Women were doing hard work on farms, but didn’t own the land. If they were married and their name was on the property, the United States didn’t count them as a farmer or owner of the farm, because it only counted one owner per farm, and it counted the husband, not the wife.

I contacted some of the larger “global” women’s organizations that were active in Third World Countries to see what they might offer in the United States, and was told that they did not work in the U.S. What was the assumption? That rural women in this country did not have any of the problems – access to land ownership, protection of water resources, ability to grow healthy food, involvement in planning rural communities, access to women’s reproductive health services, exposure to pesticides and other chemicals, chemical-based agriculture, lack of social capital, access to justice for victims of gender-based violence, access to credit, isolation from services, etc. — that rural women did elsewhere?

So when I was coming up with names for the web site that would become the Rural Womyn Zone, I first called it the Third-And-A-Half-World because it seemed that no one knew we even existed. Or that the problems existed.

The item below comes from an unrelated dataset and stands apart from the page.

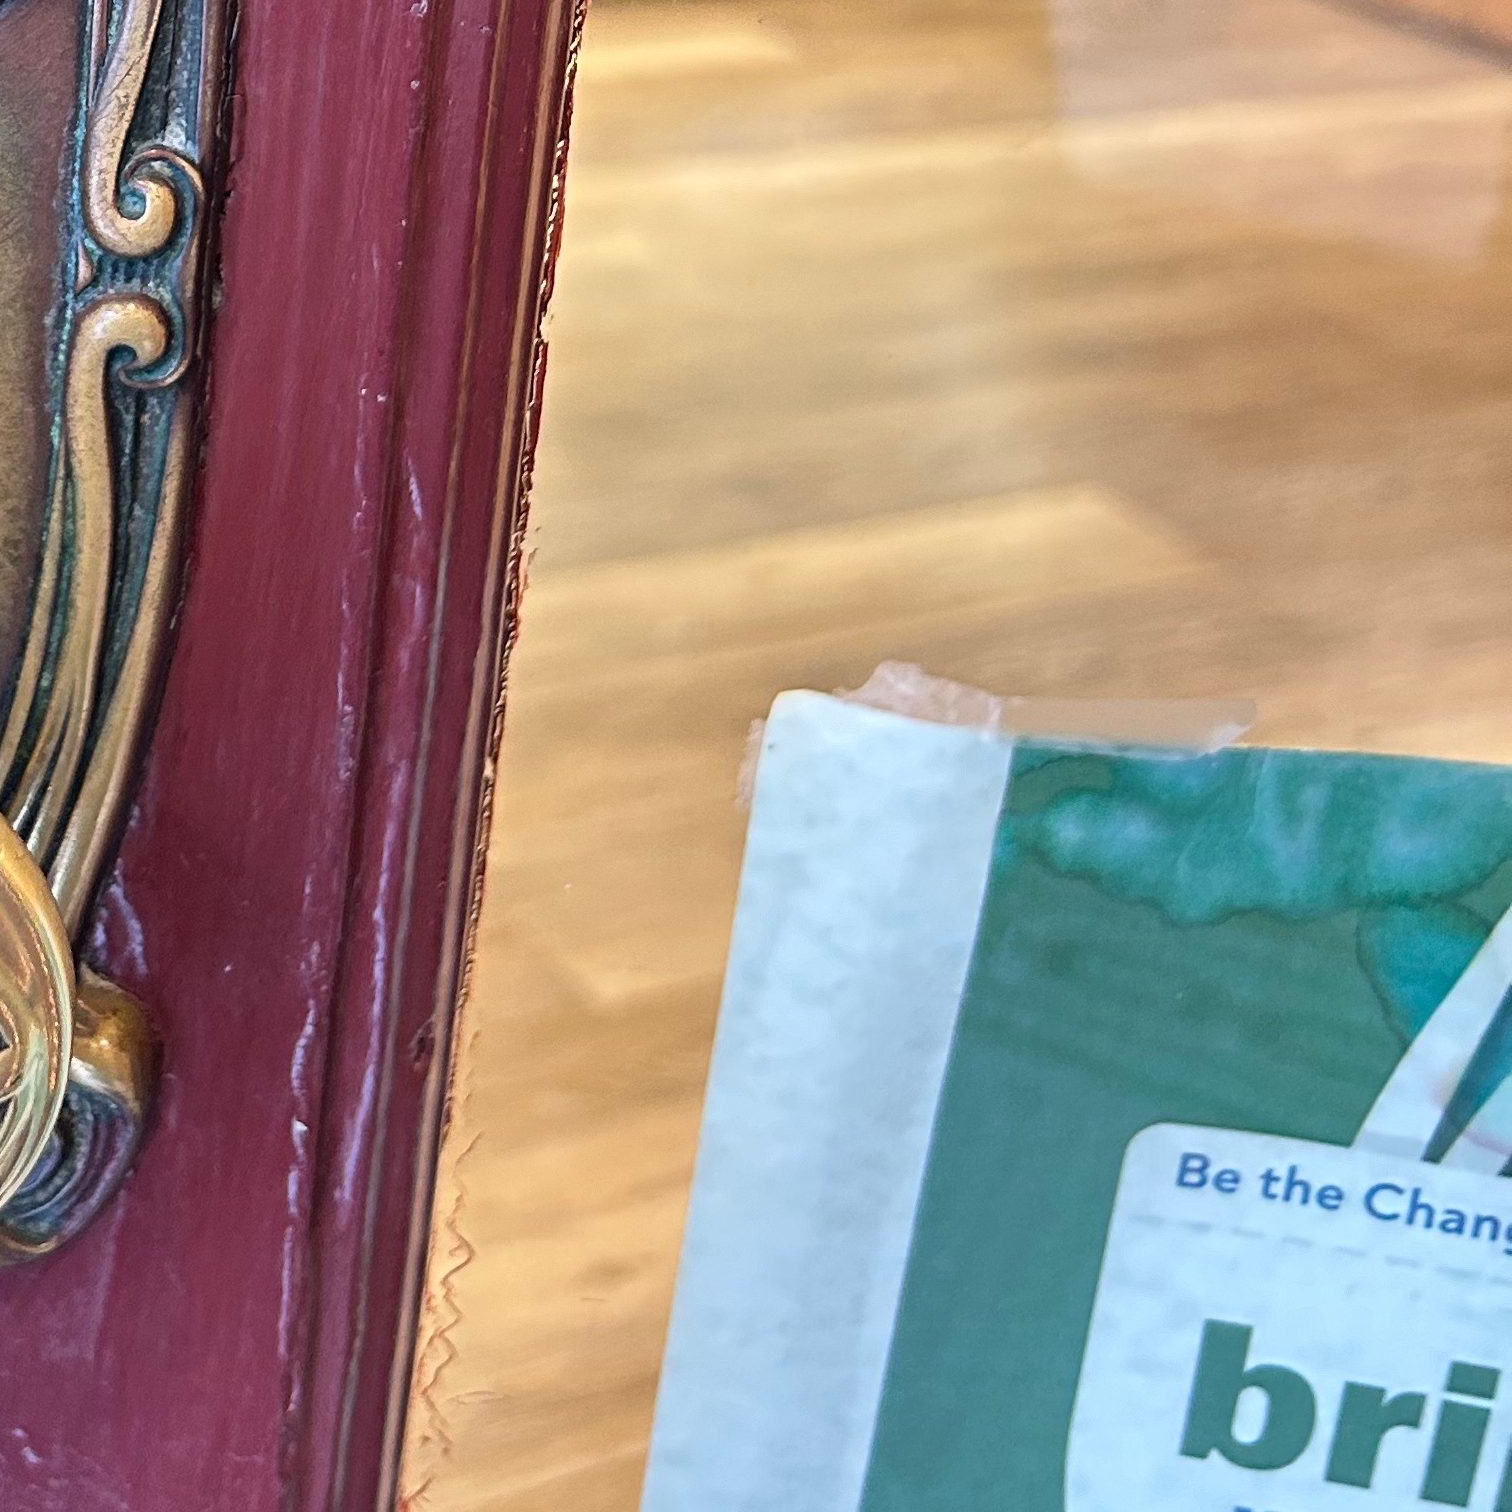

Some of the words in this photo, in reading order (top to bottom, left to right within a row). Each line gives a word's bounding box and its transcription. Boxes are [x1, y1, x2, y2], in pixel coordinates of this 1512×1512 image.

At that time, I was reading about people who settled in North Dakota, and how it was understood that the sons would inherit the land, and the daughters would find husbands. How prevalent was this, outside of North Dakota? No woman had ever served as a county commissioner where I lived; so throughout the development of this area, no woman’s perspective was ever considered. The county commissioners appoint members to several boards and other commissions that essentially run the services in a multi-county rural area. Men were appointed to positions that impacted long-range planning and development and women were appointed to the bookmobile board. There was no woman on the city council, and when it became legally inaccessible, the comfortable old brick Carnegie-style library was abandoned, and there was discussion of building a metal building – similar to the implement dealership and the machine shed on the farm – to house the new library on an empty lot out at the outskirts of town where there were no sidewalks.

These are examples of what I believe happens when women’s vision, voices, and needs aren’t considered in community planning. Women aren’t making the news, they are quietly serving their communities, so their voices aren’t recorded, their stories are lost, and younger women who look for mentors and models are left with the prevailing masculinized versions of what it means to be a female in a rural setting – - the entrenched gender roles that complete the vicious circle.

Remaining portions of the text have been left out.